━━━━━ RECORDS ━━━━━

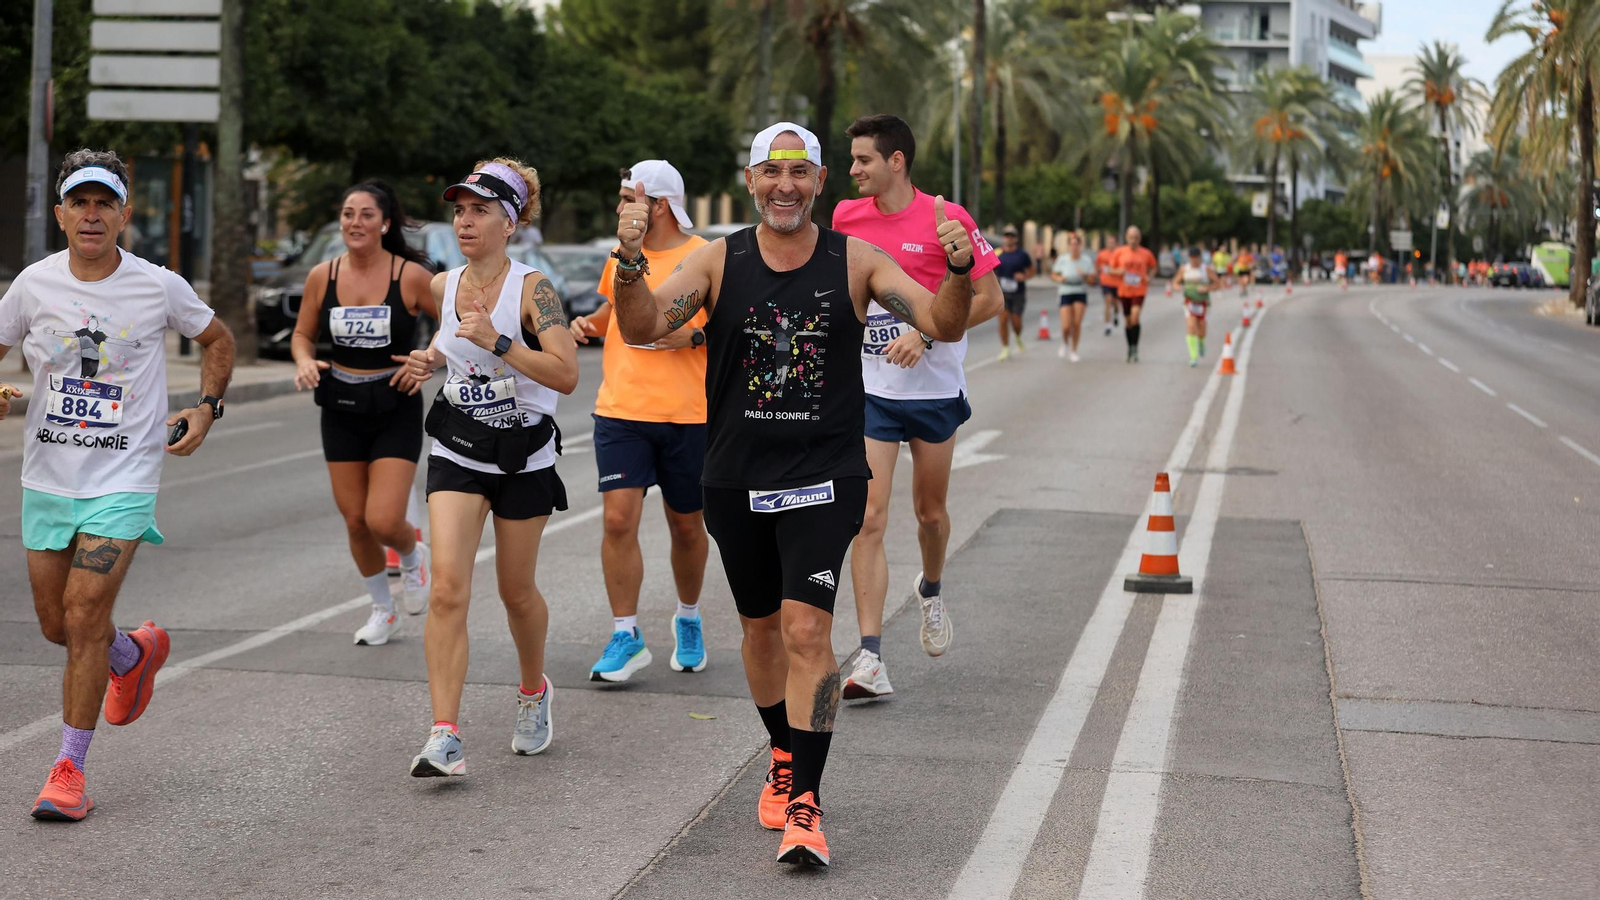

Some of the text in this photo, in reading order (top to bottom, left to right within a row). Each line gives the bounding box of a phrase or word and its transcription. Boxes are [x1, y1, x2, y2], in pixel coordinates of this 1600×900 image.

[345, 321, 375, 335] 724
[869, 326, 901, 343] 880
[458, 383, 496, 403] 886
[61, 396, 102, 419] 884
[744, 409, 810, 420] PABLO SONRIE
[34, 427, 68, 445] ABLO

━━━━━

**WORK TO COMPLETE**
Set down a word-for-word copy of the records, dropping any picture.

**YOUR RESPONSE**
Some of the text in this photo, in reading order (top to bottom, left to right within a row). Each line gives the bounding box of a phrase or word and its transcription. Boxes are [x1, y1, x2, y2], in pixel coordinates of this 1600×900 image.

[345, 321, 375, 335] 724
[869, 326, 901, 343] 880
[458, 383, 496, 403] 886
[61, 396, 102, 419] 884
[744, 409, 810, 420] PABLO SONRIE
[34, 427, 68, 445] ABLO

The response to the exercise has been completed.